(Images for object localization)
========================================

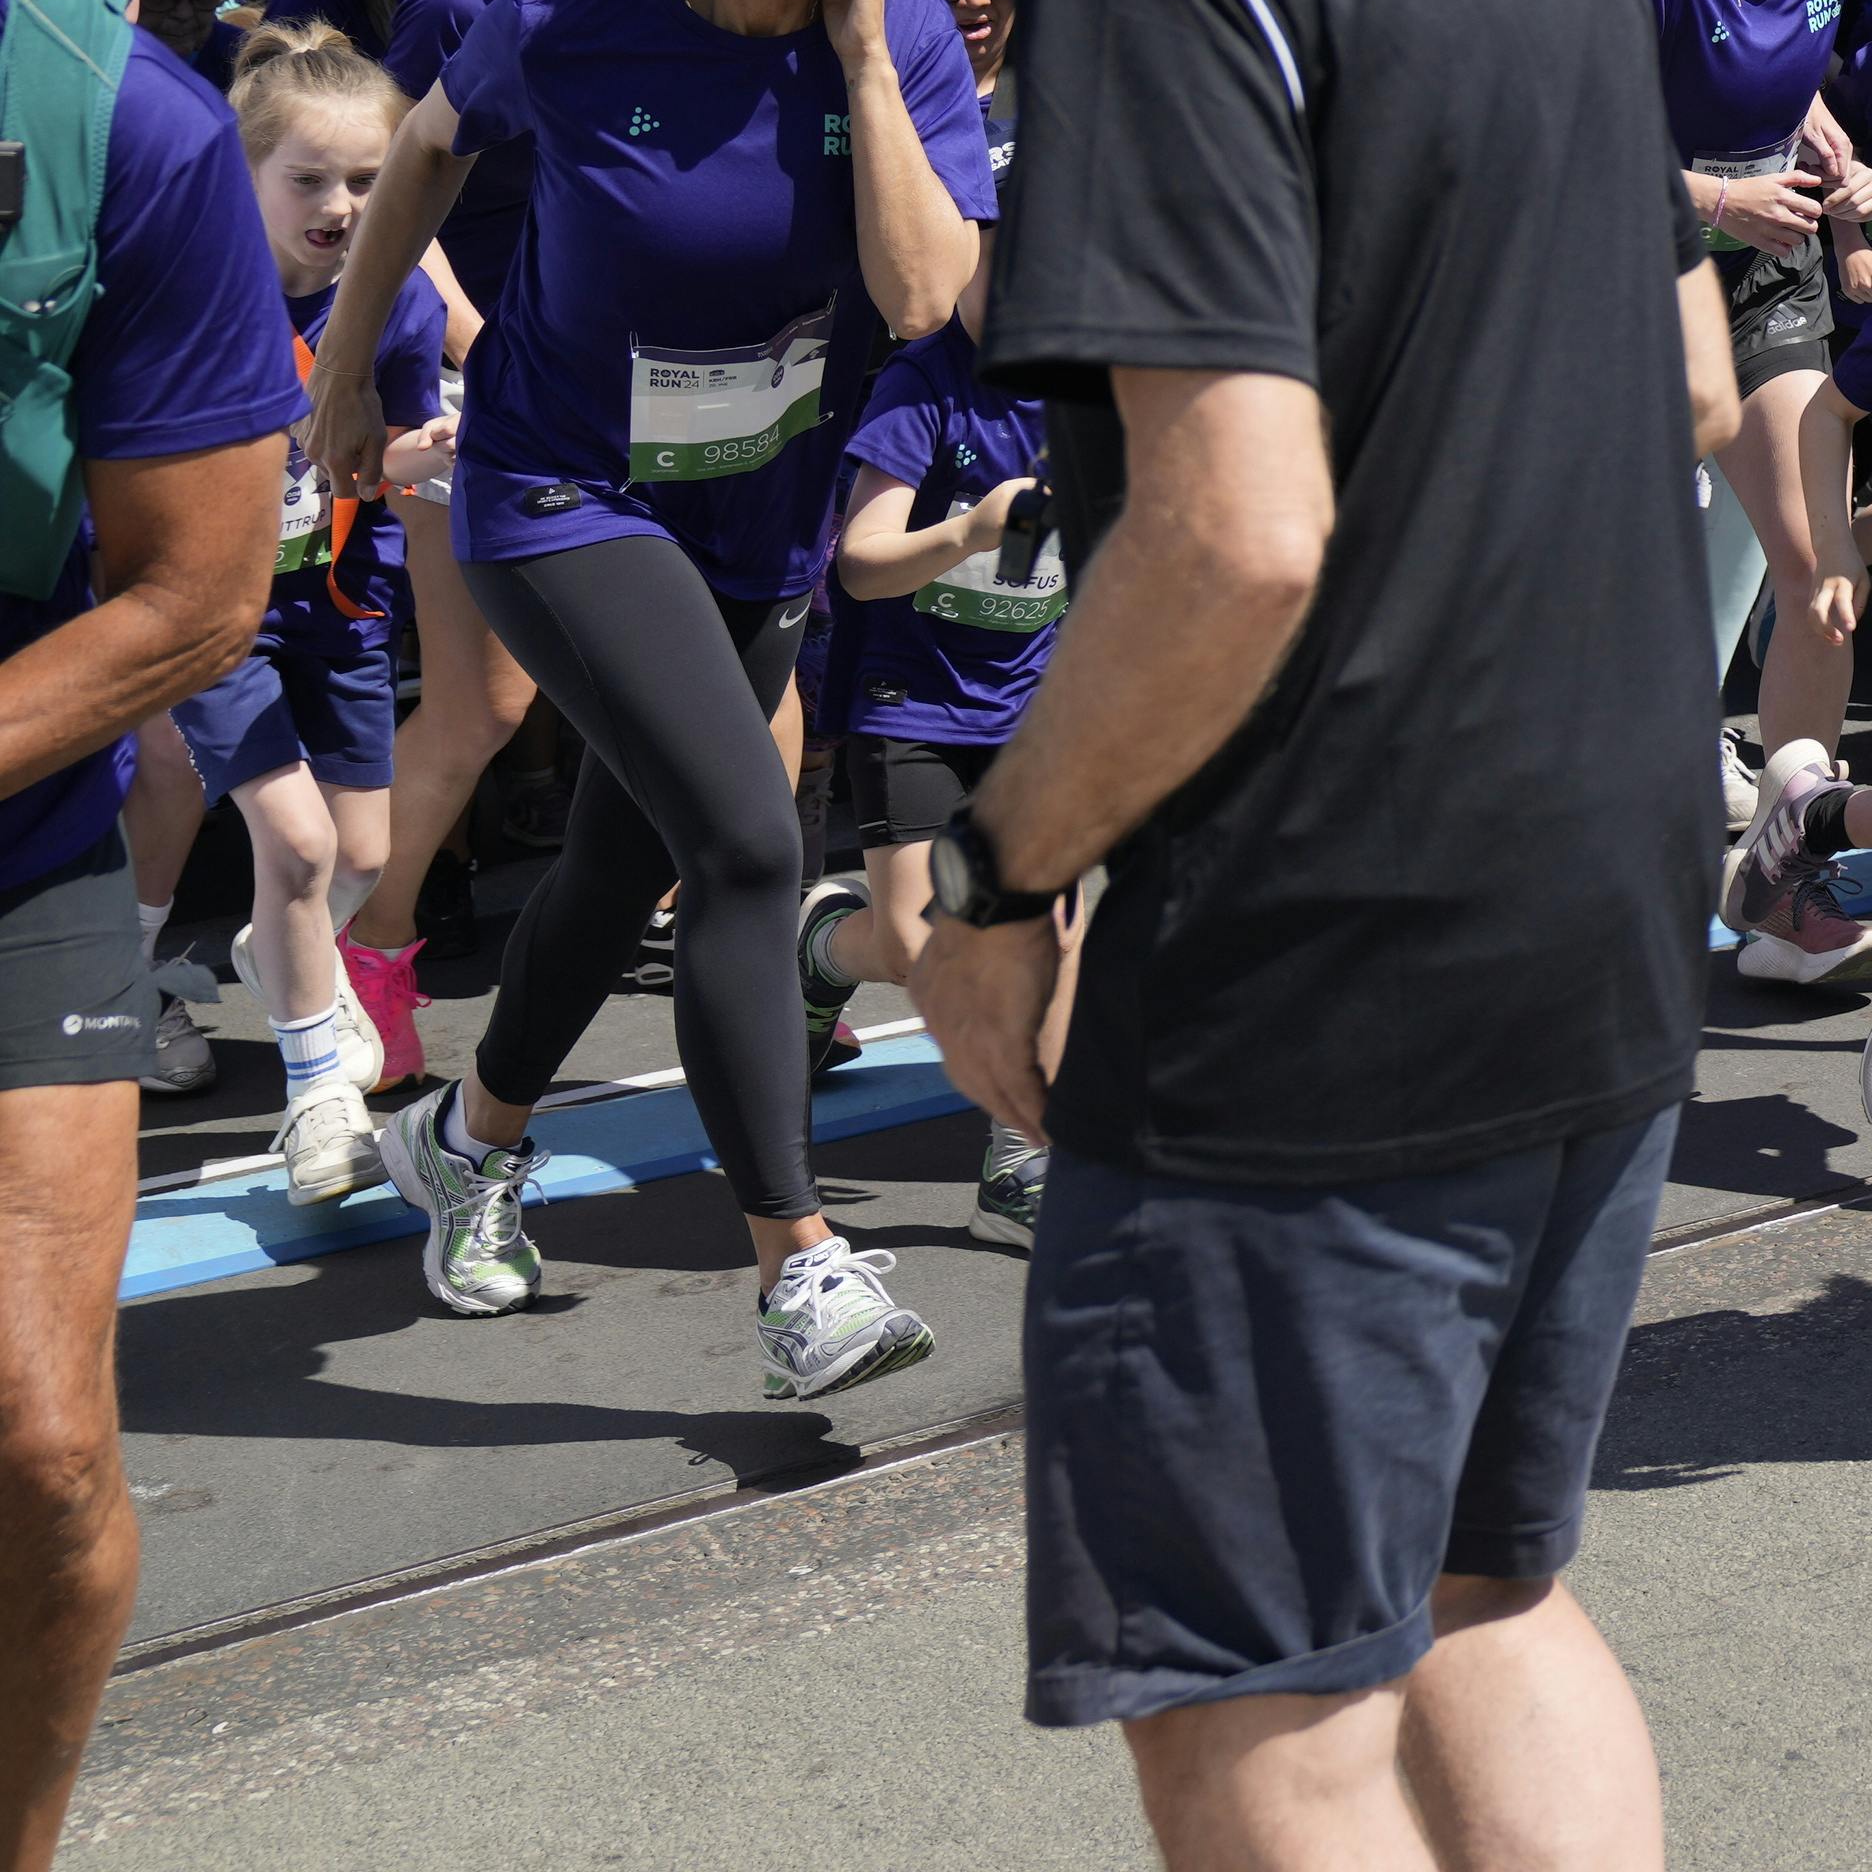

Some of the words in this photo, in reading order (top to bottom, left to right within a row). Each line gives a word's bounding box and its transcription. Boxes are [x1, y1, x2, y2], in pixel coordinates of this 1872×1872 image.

[1808, 7, 1833, 34] RUN
[1767, 316, 1808, 335] adidas
[650, 368, 700, 379] ROYAL
[657, 451, 675, 467] C
[704, 424, 780, 465] 98584
[937, 592, 956, 608] C
[979, 597, 1050, 620] 92625

========================================

The task: Give every record back exactly as it reads, with no images.

Response to this task:
Some of the words in this photo, in reading order (top to bottom, left to right within a row). Each line gives a word's bounding box and its transcription. Boxes are [x1, y1, x2, y2], in pixel coordinates of this 1872×1872 image.

[1808, 7, 1833, 34] RUN
[1767, 316, 1808, 335] adidas
[650, 368, 700, 379] ROYAL
[657, 451, 675, 467] C
[704, 424, 780, 465] 98584
[937, 592, 956, 608] C
[979, 597, 1050, 620] 92625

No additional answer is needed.